The instinctive reaction was to look at radio conditions or device behavior. The issue sat deeper — in how LTE networks had been optimized long before machine traffic became meaningful. LTE schedulers were built with one dominant assumption: human traffic dominates the network. Cat-M exposed what that assumption cost at scale.
Where the friction came from
Phones behave in bursts, adapt quickly, and tolerate retries. The network was tuned around that tolerance. Machines have different expectations: short transmissions, infrequent access, deterministic timing requirements for reporting cycles. Under load, the scheduler's human-centric behavior created friction that no amount of additional coverage resolved.
Cat-M friction patterns at production scale — not visible in standard LTE KPIs
Access attempt delay (not rejection):
RACH attempts backed off during busy periods
Device waits, retries, waits again
LTE access success rate: unaffected (attempts eventually succeed)
Device reporting cycle: missed deadline, data lost or retransmitted
Paging deprioritization:
Cat-M paging responses scheduled behind broadband paging load
PSM-exiting devices: delayed reachability
LTE paging success rate: within target
Device reachability window: exceeded, device re-enters PSM
Next attempt: minutes later
Retry amplification:
Multiple devices experiencing access delay simultaneously
Retry timers fire in overlapping windows
Contention increases, delays compound
Network load: smooth in aggregate
Device population: synchronized retries creating micro-congestion spikes
None of this appeared in traditional LTE KPIs. Access success rates were acceptable. Paging success was within target. Throughput was not the constraint. From the network's perspective, things looked healthy. From the device's perspective, reporting deadlines were being missed.
Why capacity wasn't the answer
Adding carriers or expanding capacity did not change the behavior. The problem was scheduler priority logic, not resource availability. Cat-M devices were competing for access slots against broadband users using the same backoff and retry parameters — which were tuned for broadband traffic tolerances, not machine access determinism.
Cat-M access under standard LTE scheduler — busy hour:
Cat-M device: periodic sensor report, 200-byte payload
Scheduled access window: 10ms (device expectation)

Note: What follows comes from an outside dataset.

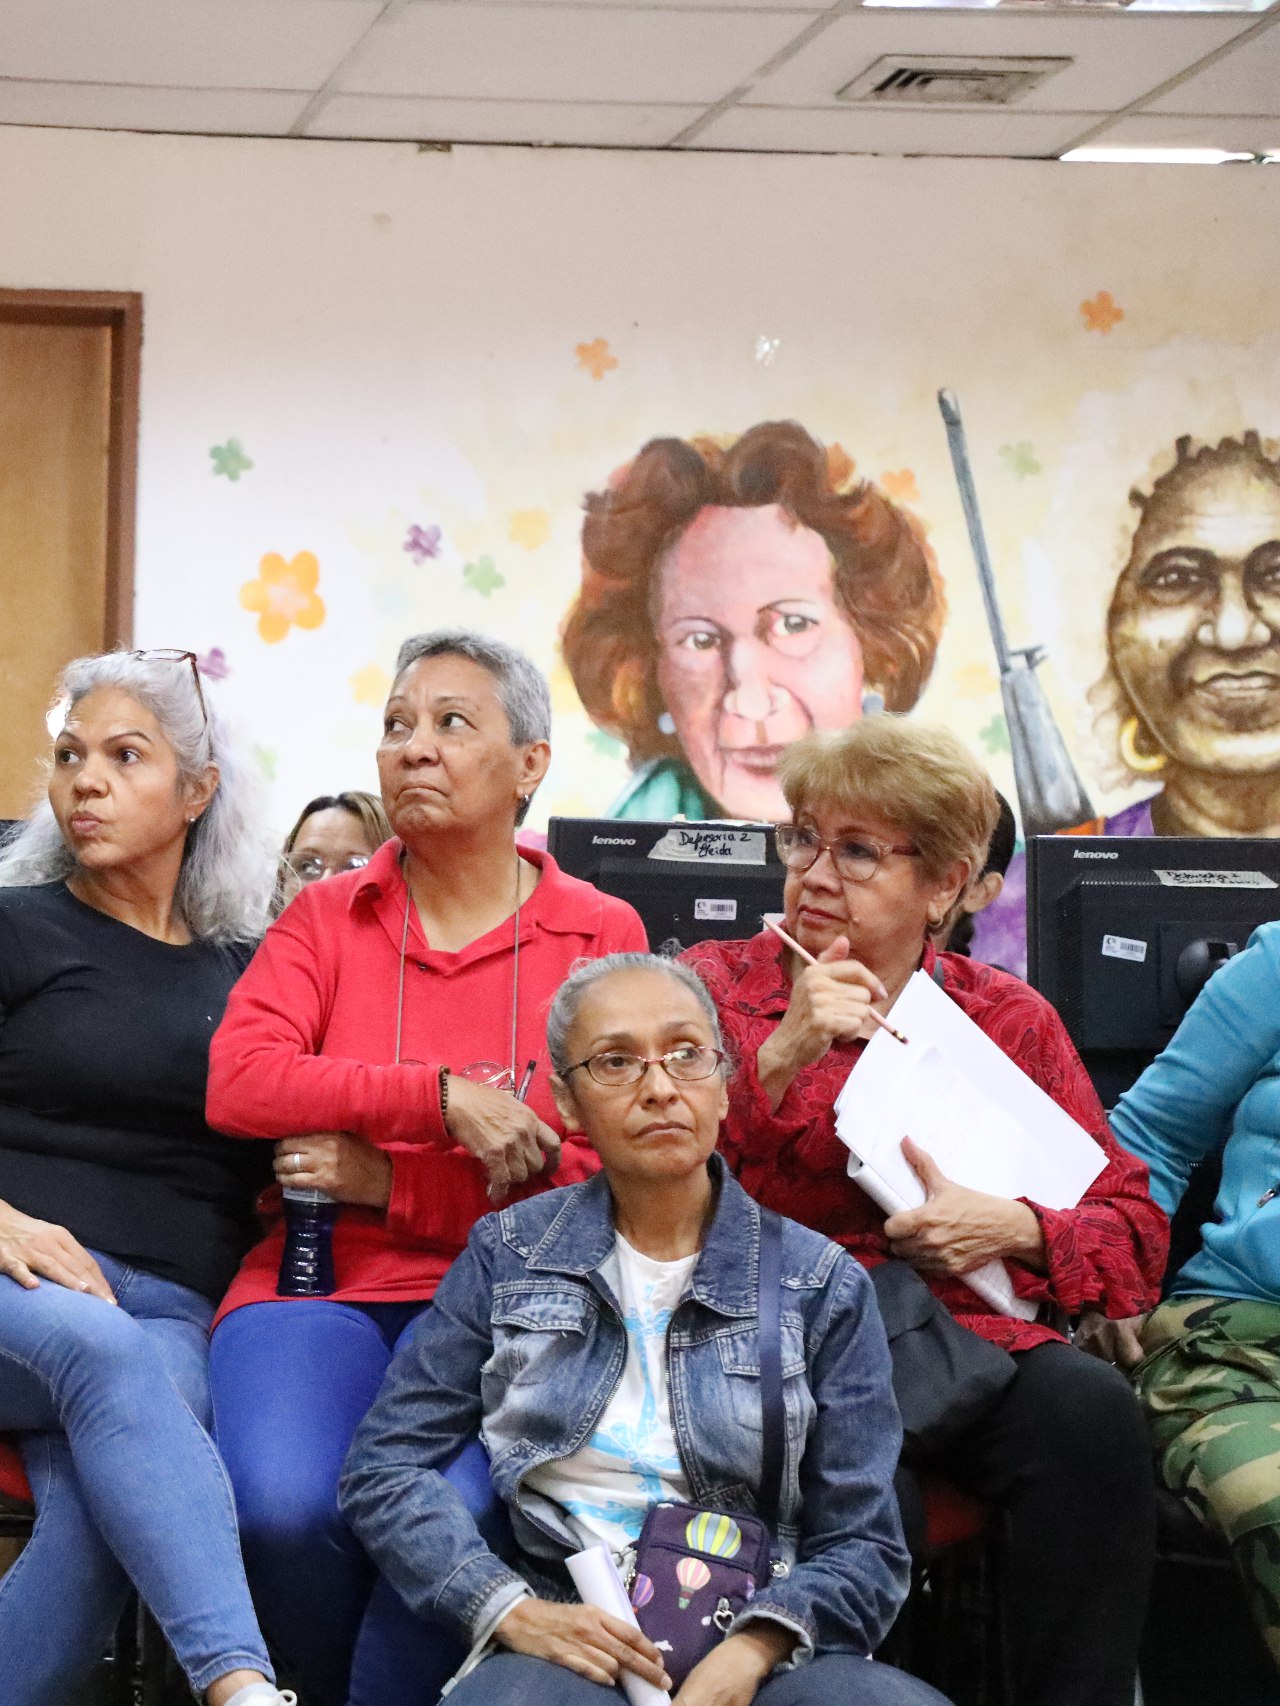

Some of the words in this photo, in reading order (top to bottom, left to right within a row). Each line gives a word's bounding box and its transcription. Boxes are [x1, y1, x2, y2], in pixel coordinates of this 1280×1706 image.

[592, 835, 636, 846] lenovo
[740, 833, 751, 842] 2
[1073, 849, 1119, 860] lenovo

Actual access latency under load: 340-800ms
Cause: RACH resources shared with broadband, backoff applied uniformly
Cat-M retry behavior:
T300 expiry: device retries after fixed interval
Under sustained load: retries compound rather than clear
Backoff parameters: designed for phone-scale sessions
Machine device: exponential backoff applied to deterministic
reporting cycle creates cascading delay
Broadband device under same conditions:
TCP retransmission handles the delay transparently
User perceives: slight slowdown
Application: unaffected
Cat-M device under same conditions:
Reporting cycle missed
Upstream application: missing data, timeout triggered
Re-registration initiated in some implementations
Network load: amplified by re-registration traffic
What the effective changes targeted
The fixes that worked were not capacity changes. They were scheduling logic adjustments that recognized Cat-M access phases as distinct from broadband traffic — and stopped applying broadband scheduler assumptions to machine access behavior.
Change area
What was adjusted
Effect on Cat-M behavior
RACH resource allocation
Dedicated PRACH resources for Cat-M access phases during busy hours
Access delay reduced from 340-800ms to 40-90ms at peak load
Paging priority
Cat-M paging window protected from broadband paging preemption
PSM device reachability: consistent, deadline-aligned instead of opportunistic
Backoff parameters
T300 / T302 timers adjusted for machine access pattern, not broadband retry pattern
Retry amplification eliminated, congestion spikes from synchronized retries removed
eDRX cycle alignment
eDRX paging cycles aligned with reporting intervals of deployed device types
Paging miss rate reduced 68%, re-registration-driven load dropped significantly
These were subtle changes. They did not increase peak throughput or change coverage. They made access behavior deterministic rather than opportunistic — which is what machine traffic requires by design.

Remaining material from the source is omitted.